Nedjeljni Jutarnji is the weekly Sunday edition of Jutarnji list, one of the two prominent dailies in Croatia. Nedjeljni is principally concerned with life, culture, politics and style. Founded by Tomislav Wruss in 2003 in the long tradition of Croatian Sunday papers such as Nedjeljna Dalmacija, it was brasher and less polite than the daily edition of Jutarnji.

Nedjeljni typically publishes fewer political and more urban-tabloid and human interest stories than its daily counterpart. The approach is more populist and entertaining, yet it has also been a platform for serious debate and important crusading issues.

==Recent development ==
Nedjeljni has undergone a visual re-design since June 2010. The number of pages has been expanded to about 90, in order to match the volume of Sunday papers in Britain or the U.S. Numerous columnists have been added, and now include the literary critic and essayist Igor Mandić, leading web entrepreneur Nenad Bakic, actress and screenwriter Jelena Veljača, editor-in-chief of Forbes Croatia, Viktor Vresnik and culinary expert Rene Bakalović.

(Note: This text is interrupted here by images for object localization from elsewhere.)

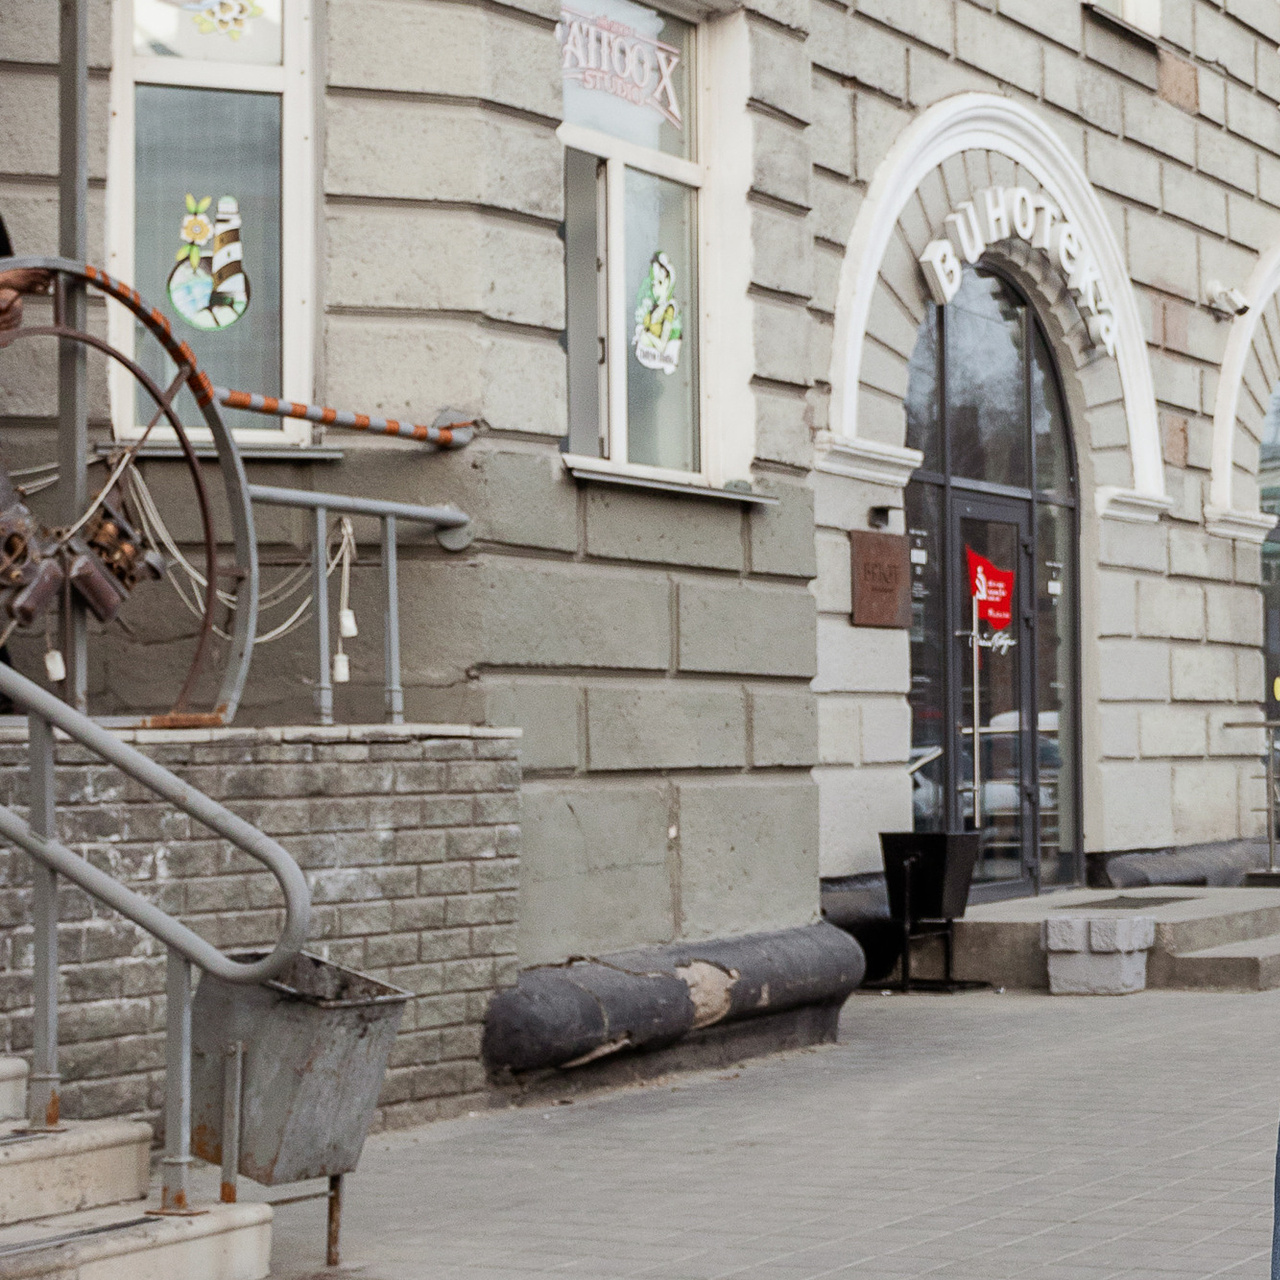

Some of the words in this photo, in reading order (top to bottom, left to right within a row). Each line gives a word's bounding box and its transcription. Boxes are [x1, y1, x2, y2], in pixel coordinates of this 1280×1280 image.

[561, 11, 649, 87] ATTOO
[653, 50, 682, 121] X
[582, 69, 643, 106] STUDIO
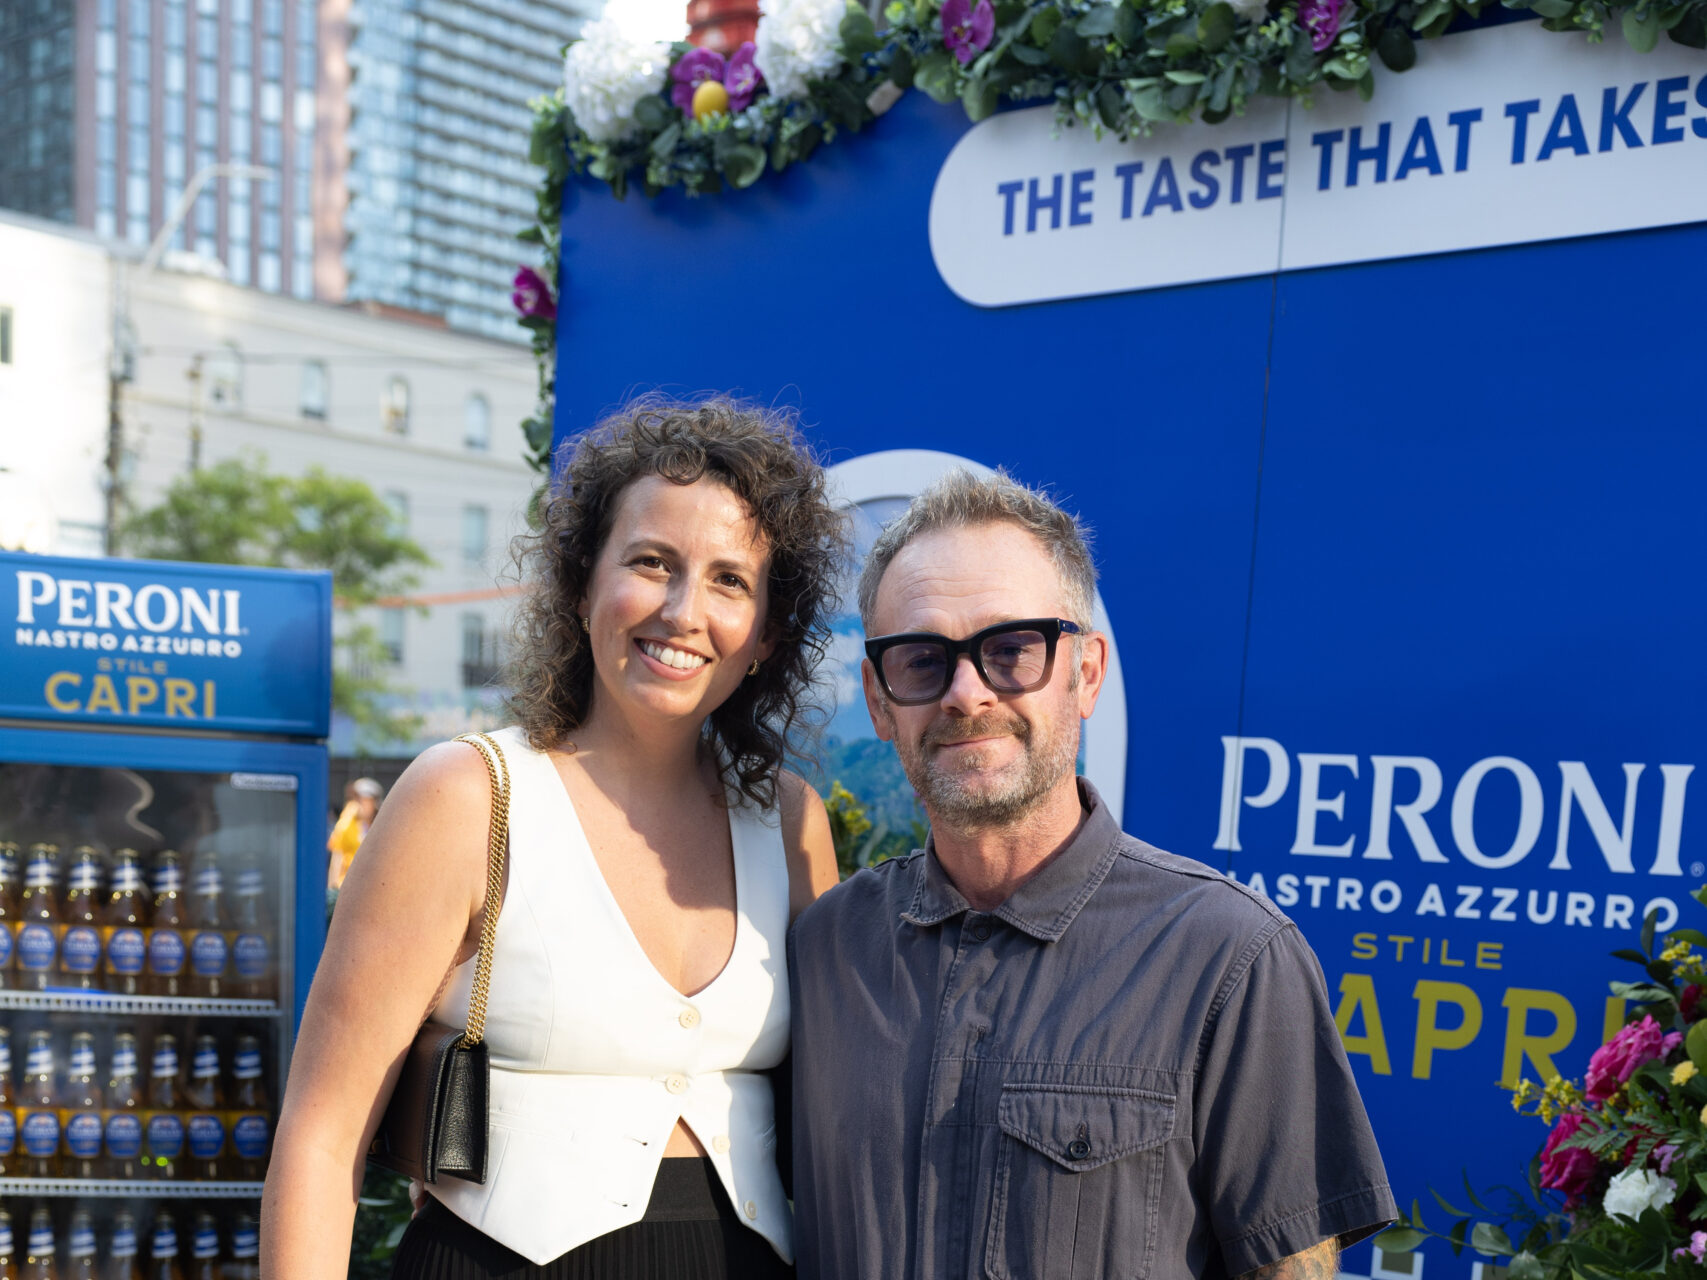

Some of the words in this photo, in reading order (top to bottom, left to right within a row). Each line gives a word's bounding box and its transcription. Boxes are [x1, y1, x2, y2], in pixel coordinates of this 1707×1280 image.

[997, 168, 1095, 236] THE
[1115, 138, 1286, 220] TASTE
[1311, 107, 1483, 192] THAT
[15, 571, 242, 636] PERONI
[15, 628, 119, 651] NASTRO
[122, 634, 242, 659] AZZURRO
[97, 657, 168, 675] STILE
[44, 671, 217, 719] CAPRI
[1212, 736, 1696, 877] PERONI
[1227, 870, 1402, 914] ASTRO
[1416, 884, 1679, 933] AZZURRO
[1351, 931, 1504, 970] STILE

Nedjeljni also launched a weekly food supplement, Dobra Hrana, with 10 pages of cooking tips and features on dining culture. The paid circulation figures have been increasing in recent months, and the title currently outsells the daily edition of Jutarnji.

==Notable stories ==

In September 2010, Nedjeljni launched a series of investigative features on the Croatian meat industry, exposing the systematic failure of inspections and border controls. The series drew sharp criticism from government officials and industry leaders, but Jutarnji continued publishing until the government opened a hotline and launched a series of investigation.

In October 2010, the paper published a shocking feature on the Croatian shadow economy, which by some estimates represents about 30% of the country's GDP. The feature was widely cited and brought about a change in the legal system in order to battle shadow economy.

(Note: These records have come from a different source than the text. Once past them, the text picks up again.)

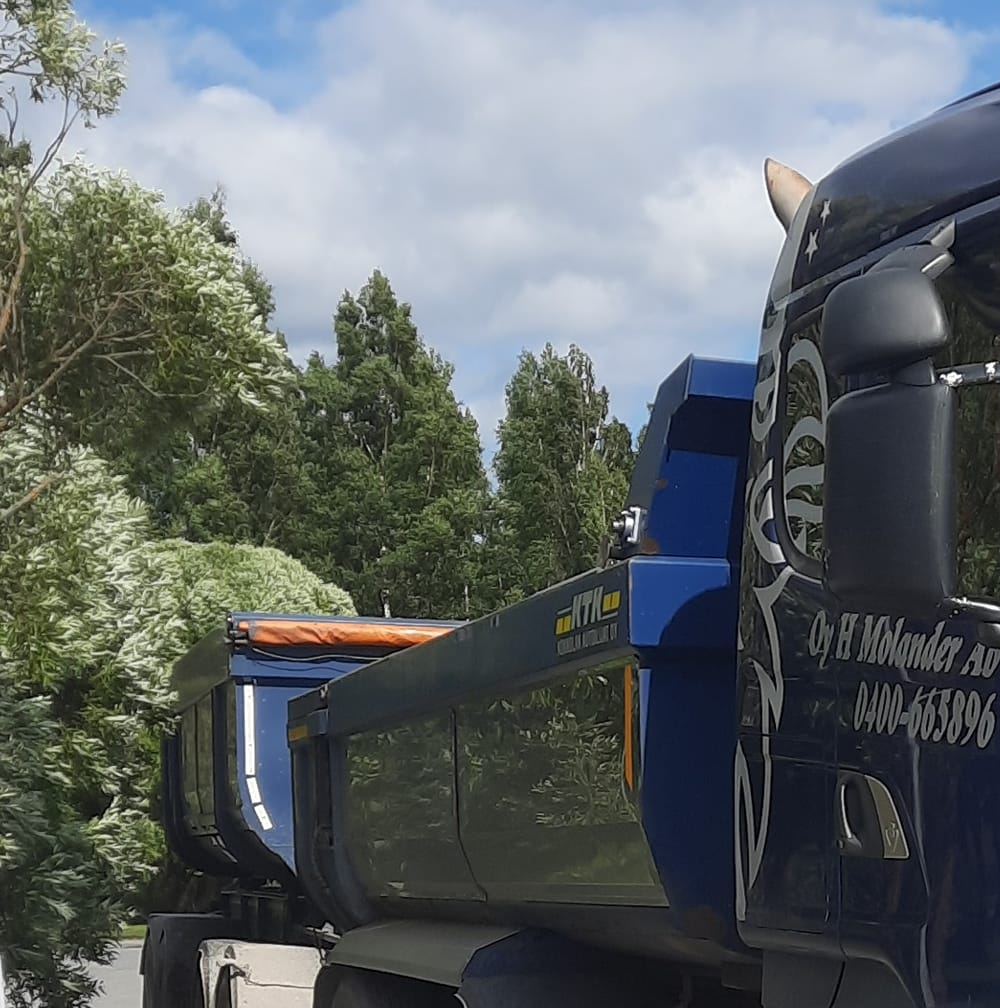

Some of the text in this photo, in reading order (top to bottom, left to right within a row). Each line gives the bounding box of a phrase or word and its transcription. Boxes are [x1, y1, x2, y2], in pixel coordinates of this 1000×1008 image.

[808, 609, 834, 670] Oy
[835, 612, 860, 661] H
[857, 615, 964, 674] Molander
[854, 681, 998, 749] 0400-665896
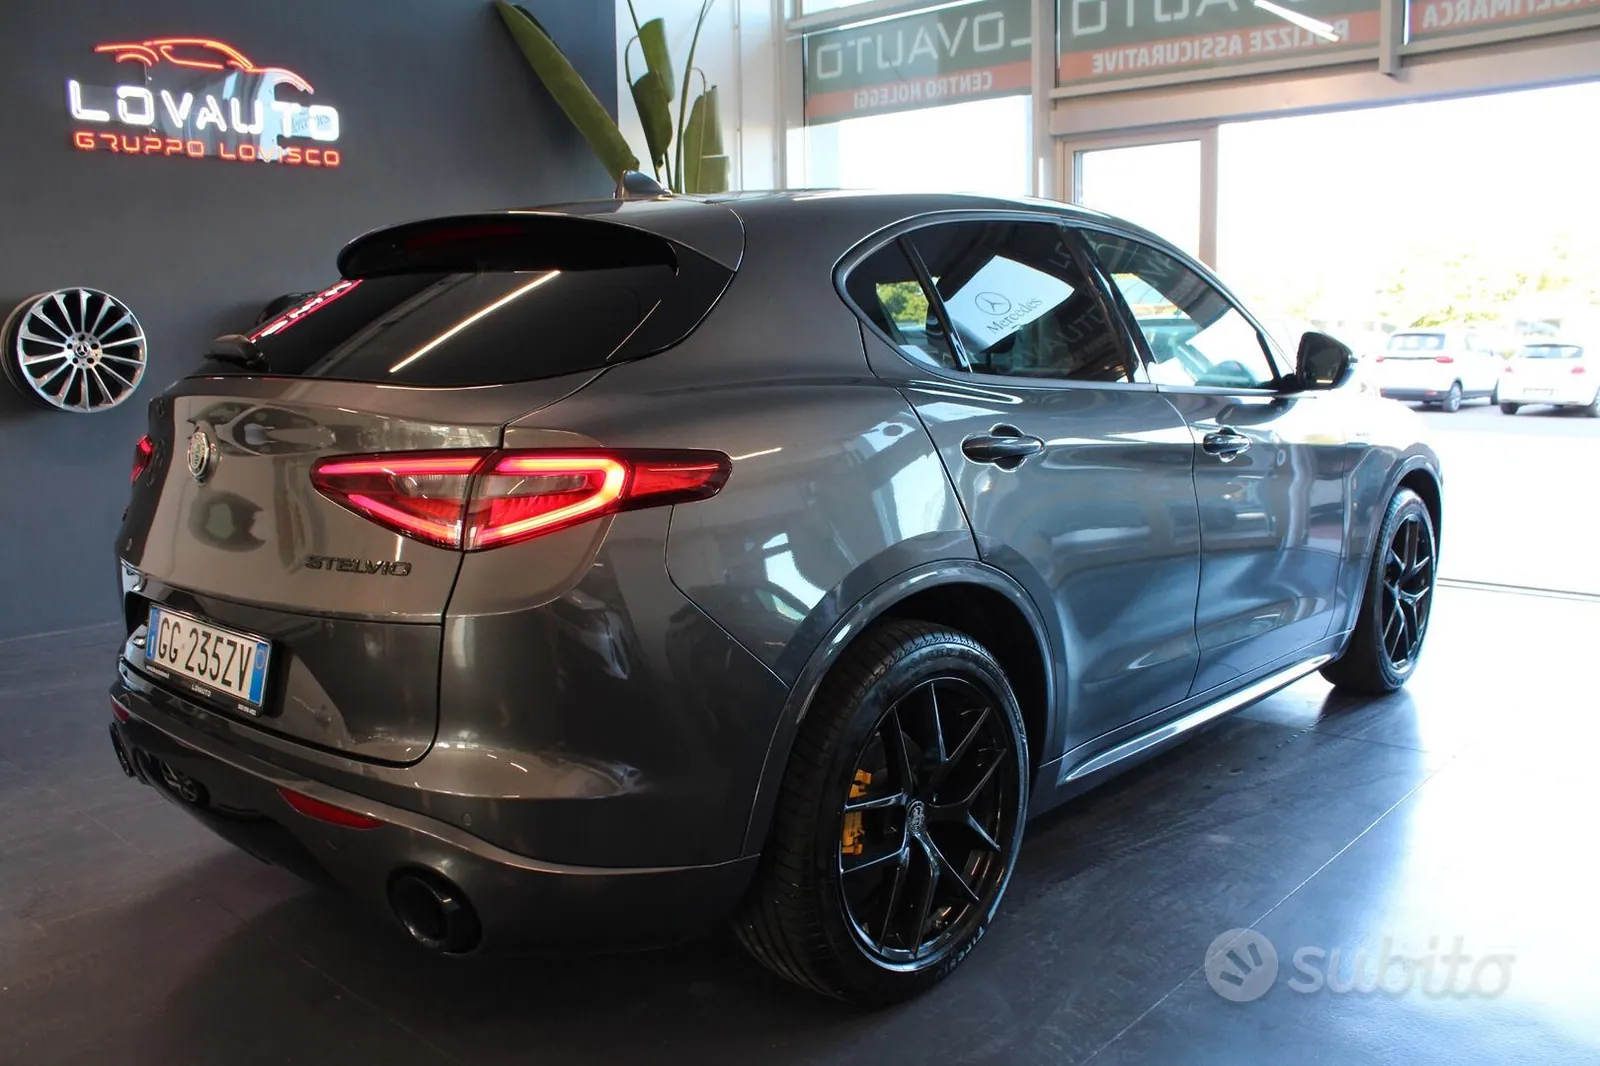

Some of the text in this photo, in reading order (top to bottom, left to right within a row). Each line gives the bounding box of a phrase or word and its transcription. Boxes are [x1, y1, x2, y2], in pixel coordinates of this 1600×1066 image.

[67, 78, 340, 142] LOVAUTO
[74, 131, 341, 166] GRUPPO LOVISCO
[986, 296, 1044, 335] Mercedes
[304, 554, 413, 577] STELVIO
[158, 616, 253, 692] GG 235ZV

On its March 2, 2011 cover, the paper published an exclusive story on the corruption in the European parliament involving the Slovenian, Romanian and Austrian representatives.

Also, on January 3, 2010, Nedjeljni published one of the first articles on Fimi-media, a company that was allegedly involved in a corruption scandal that led to the arrest of former Croatian Prime Minister Ivo Sanader.